A dream, as a channel for occult revelation or communication, while providing the dreamer with a route into the spirit world, also opens a channel in the reverse direction. The result may be more than the dreamer bargained for: spirits or demons may visit him or her, whether invited or not, and leave a mark of their presence on the dreamer’s astral body. This subsequently becomes imprinted on the physical body. The poem “Wedding of Shades” relates one of Colquhoun’s own experiences of this sort.
Contact, however, was more often verbal than physical. The name of the Parthenogenesist Order and the nature of its mission were revealed to Colquhoun in a dream of May 8/9, 1956. In a dream several years earlier, in 1942, she had heard a disembodied voice saying, “This is the grotto of the sun and moon, Nicaragua.” So strong was the impact of this message that she reflected upon its meaning for the remainder of her life. It inspired her to research the topography and archaeology of Nicaragua, where the dream grotto was evidently located, and it became the subject of the oil painting Grotto of the Sun and Moon (1952). She finally concluded that “the Grotto was an occult centre used by an eponymous order which existed in the past or still exists, either in that state of being commonly recognised as reality today, or else in regions variously called the Higher Worlds or the Inner Planes.” For some reason, she had been granted a glimpse of this mysterious center: “And now if I receive an idea or perception which does not seem to be a direct result of anything I have read, heard or thought, I take it to be a message from the Order.”39
The publication of Sigmund Freud’s The Interpretation of Dreams in 1899 marked the beginning of a revolution in the study of dreams.40 Although Freud continued to recognize the traditional standpoint that dreams could provide helpful guidance for the dreamer, his reason for doing so was anything but traditional. In his view, it was not because of any divine source, the possibility of which he categorically rejected, but because dreams revealed the dreamer’s hidden fears, hopes, and desires. The information contained within the dream, however, was coded, disguised by subconscious censorship. This was why dreams were largely unintelligible to the dreamer. The expertise of a skilled interpreter was still required to understand them. This function was no longer to be fulfilled by a priest, as of old, but rather a psychoanalyst.
Freud’s materialistic view of the world explains his rejection of the existence of prophetic dreams and the spirit world, although he was still prepared to accept—even at the height of his professional eminence and albeit hesitantly—the possibility of telepathic dreams.41 His core belief that dreams were firmly rooted in an individual’s unconscious also caused him to reject the dramatic assertion by his colleague Carl Jung that some aspects of the unconscious are shared and common to all humanity. According to Jung, some dreams come from a region of the mind termed the “collective unconscious,” a depository of memories, images, and mythologies from the ancient past.
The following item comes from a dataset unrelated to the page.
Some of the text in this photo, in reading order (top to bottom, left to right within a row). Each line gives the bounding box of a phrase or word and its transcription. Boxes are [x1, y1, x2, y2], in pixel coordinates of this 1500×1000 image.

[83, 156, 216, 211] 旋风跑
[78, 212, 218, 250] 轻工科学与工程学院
Although they are largely forgotten at a conscious level by modern civilized Europeans, they may be accessible during sleep, when rationality is suspended. They reflect a natural wisdom deep within the human unconscious. They connect the dreamer with the past and provide insights that can give guidance along the path of self-development.
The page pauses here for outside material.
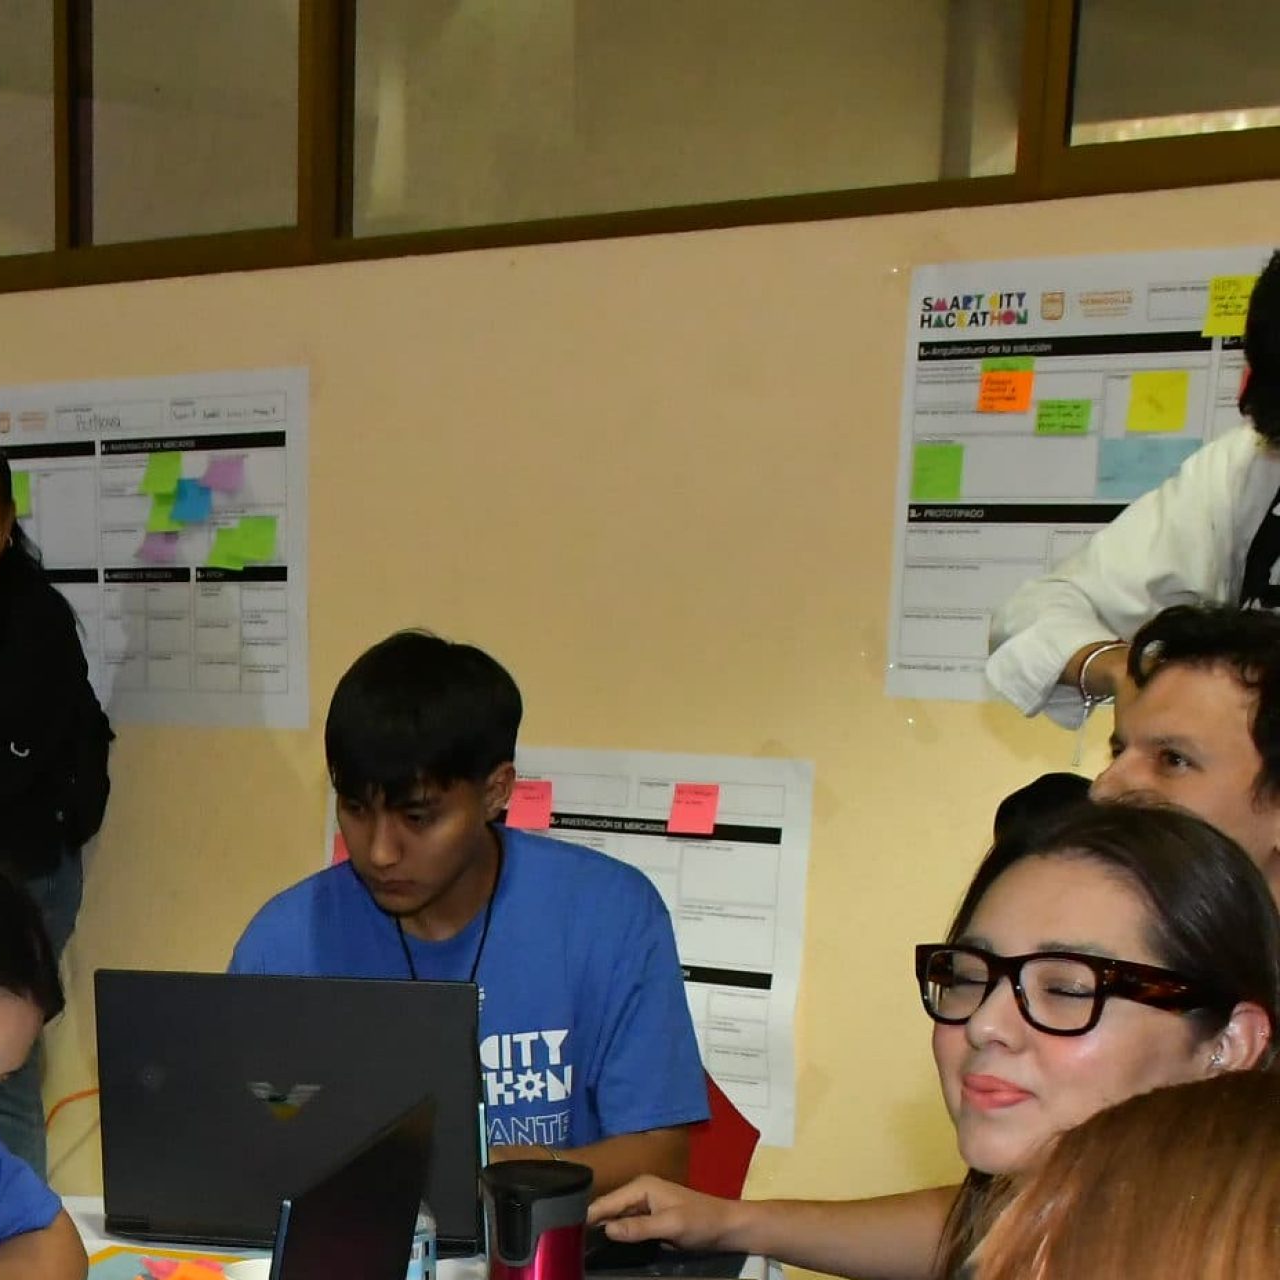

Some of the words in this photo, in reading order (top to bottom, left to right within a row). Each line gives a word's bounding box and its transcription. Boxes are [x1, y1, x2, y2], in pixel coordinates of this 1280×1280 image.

[922, 292, 984, 312] SMART
[987, 291, 1027, 309] CITY
[920, 309, 1029, 330] HACKATHON
[480, 1029, 569, 1070] CITY
It is hardly surprising that some of Jung’s ideas, including suspended rationality and the shared unconscious, which he frequently expressed using the language and concepts of alchemy, found a receptive audience among many occultists. For several years during the 1950s, Colquhoun herself was associated with the London-based Buck Research Unit in Psychodynamics, run by Alice Buck, a Jungian psychotherapist. Although its duration is unclear, Colquhoun also underwent a period of psychotherapy with Dr. Buck, who was prepared to analyze her dreams by letter in addition to meeting with her in group therapy sessions. The Jungian context of the research unit is clear from Colquhoun’s brief account of its activities, “Divination Up-to-Date.” The research interests of the group included the extent to which shared dreams could be analyzed and used to predict natural or man-made disasters. Buck disagreed with occultists on some points and regarded shared dreams (which might include clairvoyant content) as instances not of astral travel but of two individuals “inter dreaming”—that is, simultaneously accessing an aspect of the shared unconscious. In 1950, Colquhoun and Buck experienced one such shared dream, consisting of geometrical forms, which were later used as the design for the dust wrapper of the book in which Buck gave her own account of the research unit’s activities.42
For his part, André Breton had no doubt as to the central role of dreams in the surrealist quest for truth. Basing many of surrealism’s investigatory methods on Freud and contemporary psychiatry (including the study of dreams and hallucinations, and the use of automatic writing and free association), Breton regarded it as a fundamental truth that the world of dreams and the waking world are but one; both are of equal importance, and each is as incomplete as the other. In place of the traditional viewpoint that treats dreaming and the waking state as opposites, Breton wanted to substitute reciprocity—hence the metaphor of communicating vessels that he developed in Les vases communicants (1932), the book that contains his most detailed discussion of dreams.43 Breton imagined existence as two interconnected containers, one being the dream state and the other the waking state. Because they are constantly connected to each other, they are in a state of equilibrium and material can flow freely in either direction.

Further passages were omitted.